DUBAI, July 3 (Reuters) - The Dubai Gold and Commodities Exchange (DGCX) will avoid the merger mania of other commodity exchanges and focus on its own organic growth, the bourse's chief executive said on Thursday.

The DGCX is the major commodities centre in the region. It is one of the few independent exchanges left after a wave of consolidation in recent years.

"Our objective is to further enhance our liquidity and continue to meet the needs of the market whilst diversifying our portfolio," Malcolm Wall Morris told Reuters in an interview.

"We are not in talks with the Dubai Mercantile Exchange or any another exchange about a merger."

In March, the CME Group Inc CME.N, the world's largest derivatives exchange, forged a definitive agreement to buy the energy and precious metals New York Mercantile Exchange NMX.N for about $9.4 billion.

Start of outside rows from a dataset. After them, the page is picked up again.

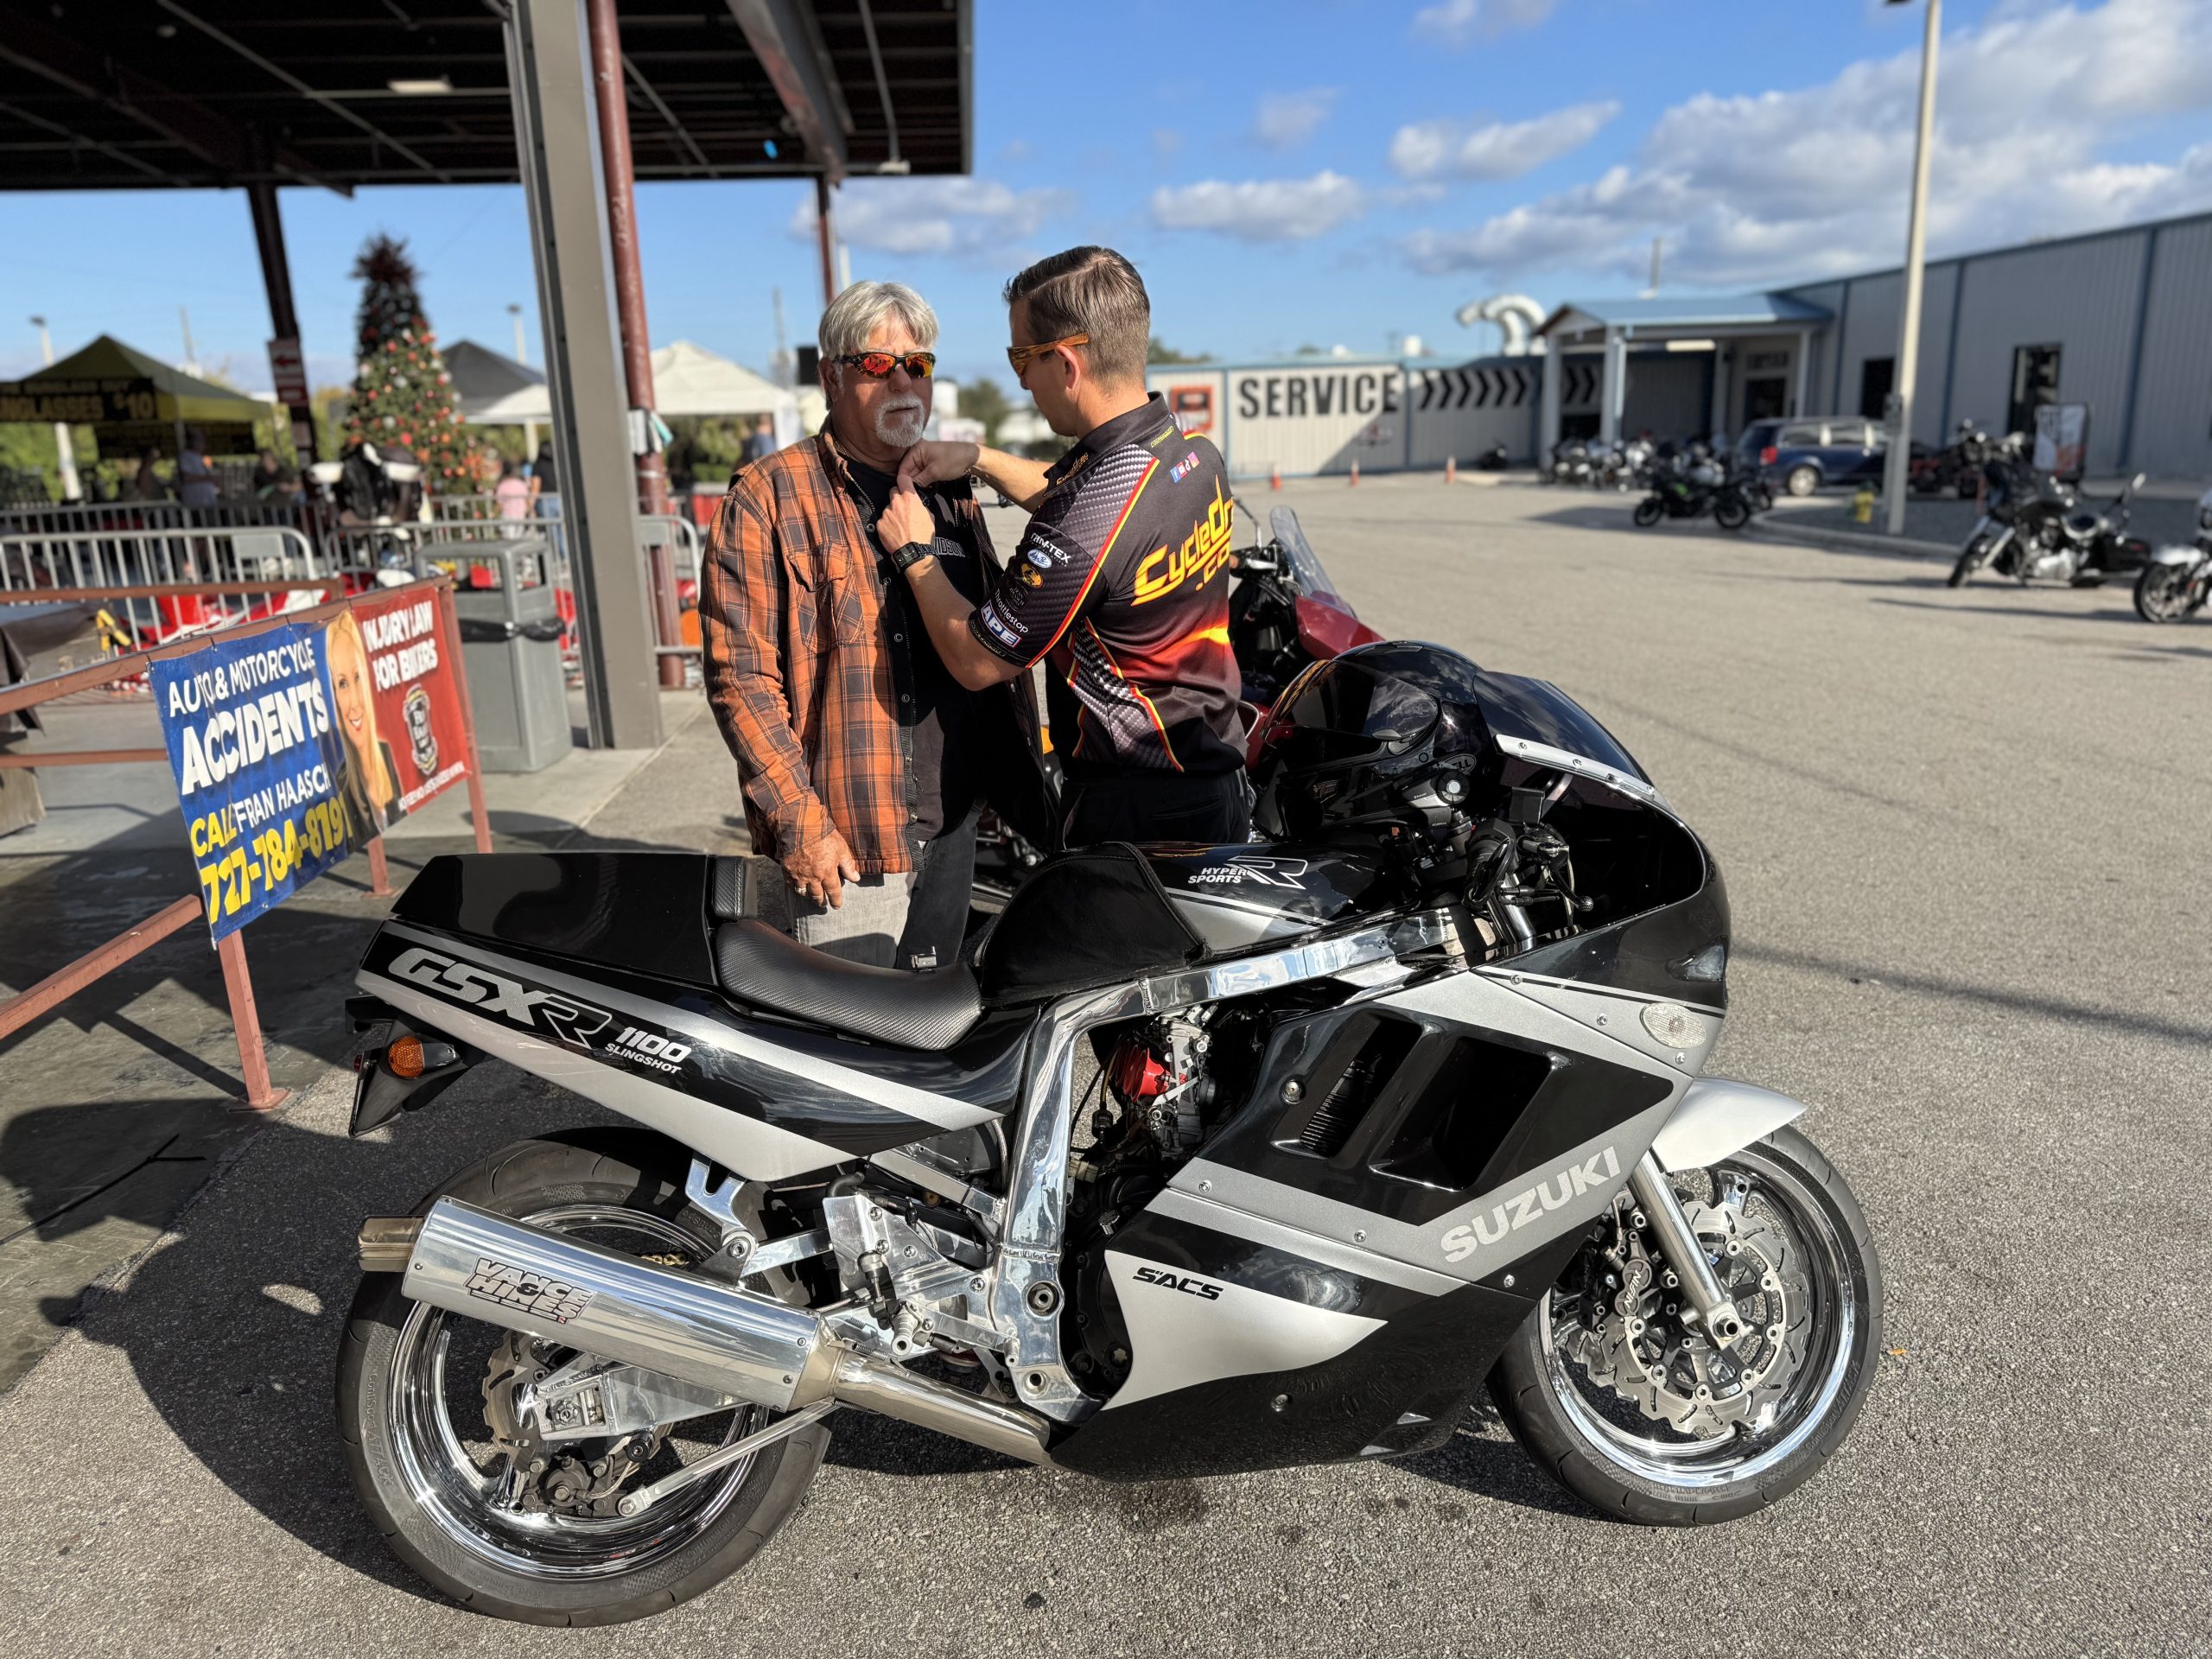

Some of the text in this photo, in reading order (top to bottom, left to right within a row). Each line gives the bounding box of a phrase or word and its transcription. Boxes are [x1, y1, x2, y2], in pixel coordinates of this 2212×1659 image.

[1239, 373, 1398, 418] SERVICE
[982, 605, 1017, 645] APE
[169, 638, 315, 718] AUTO & MOTORCYCLE
[181, 677, 329, 796] ACCIDENTS
[190, 761, 332, 857] CALL FRAN HAASCH
[200, 791, 353, 925] 727-784-8791
[1188, 874, 1243, 884] SPORTS
[1201, 867, 1247, 877] HYPER
[605, 1043, 682, 1075] SLINGSHOT
[617, 1026, 692, 1064] 1100
[1440, 1146, 1621, 1263] SUZUKI
[466, 1274, 582, 1319] HINES
[474, 1257, 594, 1306] VANCE
[1133, 1267, 1224, 1301] SACS

In 2007 turnover at the bourse was over 910,000 contracts with a total value of more than $34 billion. It reached 137,000 contracts valued at about $9.2 billion in June.

In May, the bourse listed two cash-settled light sweet crude oil contracts -- Dubai West Texas Intermediate crude DWTIc1 and Dubai Brent crude DBRCc1 -- in the world's top oil exporting region to allow funds in the region to invest in oil futures without taking money elsewhere.

"Our new crude futures contracts proved to be successful and during their first full month of trading accounted for 27 percent of the exchange's volume," Wall Morris said.  Continued...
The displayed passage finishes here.